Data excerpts
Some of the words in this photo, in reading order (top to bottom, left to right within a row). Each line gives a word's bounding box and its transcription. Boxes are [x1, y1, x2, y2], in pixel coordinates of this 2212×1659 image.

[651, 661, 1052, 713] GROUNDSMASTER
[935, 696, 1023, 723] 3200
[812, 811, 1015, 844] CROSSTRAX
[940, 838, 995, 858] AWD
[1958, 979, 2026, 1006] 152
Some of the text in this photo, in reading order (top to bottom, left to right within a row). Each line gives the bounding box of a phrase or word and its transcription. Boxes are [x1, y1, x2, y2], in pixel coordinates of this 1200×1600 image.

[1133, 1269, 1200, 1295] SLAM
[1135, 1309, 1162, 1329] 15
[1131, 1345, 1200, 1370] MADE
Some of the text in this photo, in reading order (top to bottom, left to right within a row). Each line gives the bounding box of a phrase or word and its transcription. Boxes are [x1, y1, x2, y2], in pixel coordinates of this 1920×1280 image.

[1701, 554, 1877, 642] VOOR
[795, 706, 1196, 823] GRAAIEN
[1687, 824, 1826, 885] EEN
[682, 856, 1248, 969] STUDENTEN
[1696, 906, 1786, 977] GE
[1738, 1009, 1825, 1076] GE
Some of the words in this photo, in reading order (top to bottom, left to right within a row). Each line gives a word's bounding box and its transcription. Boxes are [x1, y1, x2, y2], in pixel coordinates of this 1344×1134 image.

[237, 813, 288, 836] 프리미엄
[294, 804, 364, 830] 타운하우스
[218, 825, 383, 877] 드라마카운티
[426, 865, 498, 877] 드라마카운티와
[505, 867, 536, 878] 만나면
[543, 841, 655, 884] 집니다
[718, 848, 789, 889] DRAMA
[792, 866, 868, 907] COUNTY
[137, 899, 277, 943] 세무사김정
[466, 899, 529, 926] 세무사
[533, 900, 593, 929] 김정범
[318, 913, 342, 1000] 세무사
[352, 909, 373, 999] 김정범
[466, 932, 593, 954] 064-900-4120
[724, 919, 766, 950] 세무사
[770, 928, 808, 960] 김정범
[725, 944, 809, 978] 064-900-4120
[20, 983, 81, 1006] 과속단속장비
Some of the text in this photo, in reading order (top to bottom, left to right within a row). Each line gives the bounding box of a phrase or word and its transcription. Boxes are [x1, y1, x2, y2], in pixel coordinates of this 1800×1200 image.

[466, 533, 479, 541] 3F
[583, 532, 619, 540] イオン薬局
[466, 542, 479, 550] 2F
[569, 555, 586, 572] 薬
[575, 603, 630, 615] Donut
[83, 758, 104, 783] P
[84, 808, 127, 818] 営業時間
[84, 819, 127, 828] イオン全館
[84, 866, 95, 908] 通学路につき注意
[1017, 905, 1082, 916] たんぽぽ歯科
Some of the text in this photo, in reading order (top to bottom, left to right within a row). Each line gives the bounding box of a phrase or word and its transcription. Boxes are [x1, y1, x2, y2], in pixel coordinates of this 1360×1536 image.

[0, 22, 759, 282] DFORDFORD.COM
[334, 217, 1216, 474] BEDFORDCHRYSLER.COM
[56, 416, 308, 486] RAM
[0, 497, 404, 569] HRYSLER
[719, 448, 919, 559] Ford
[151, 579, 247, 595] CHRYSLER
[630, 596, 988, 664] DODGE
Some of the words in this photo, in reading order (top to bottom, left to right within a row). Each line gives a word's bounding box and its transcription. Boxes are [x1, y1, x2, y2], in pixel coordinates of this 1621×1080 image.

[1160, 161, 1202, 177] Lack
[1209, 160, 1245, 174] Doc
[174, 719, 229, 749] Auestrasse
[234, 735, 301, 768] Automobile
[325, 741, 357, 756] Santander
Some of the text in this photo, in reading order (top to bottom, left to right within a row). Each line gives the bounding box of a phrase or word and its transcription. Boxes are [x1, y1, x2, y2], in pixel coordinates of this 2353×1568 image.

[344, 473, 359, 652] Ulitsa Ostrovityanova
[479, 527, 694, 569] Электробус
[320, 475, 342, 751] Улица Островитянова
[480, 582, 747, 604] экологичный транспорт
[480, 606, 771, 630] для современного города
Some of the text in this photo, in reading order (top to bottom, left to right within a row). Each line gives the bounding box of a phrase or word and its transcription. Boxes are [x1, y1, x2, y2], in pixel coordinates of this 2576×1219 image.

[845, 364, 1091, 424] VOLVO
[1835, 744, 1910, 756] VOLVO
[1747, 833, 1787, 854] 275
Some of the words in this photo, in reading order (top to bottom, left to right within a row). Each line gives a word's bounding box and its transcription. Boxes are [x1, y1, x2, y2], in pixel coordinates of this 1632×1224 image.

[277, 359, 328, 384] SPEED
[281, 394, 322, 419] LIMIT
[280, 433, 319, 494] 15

* _Instructions to follow_:
From the line holding "this 1632×1224 image." through the final line of the data above, copy every line exactly as written. Include nothing else.

* _Answer to the problem_:
Some of the words in this photo, in reading order (top to bottom, left to right within a row). Each line gives a word's bounding box and its transcription. Boxes are [x1, y1, x2, y2], in pixel coordinates of this 1632×1224 image.

[277, 359, 328, 384] SPEED
[281, 394, 322, 419] LIMIT
[280, 433, 319, 494] 15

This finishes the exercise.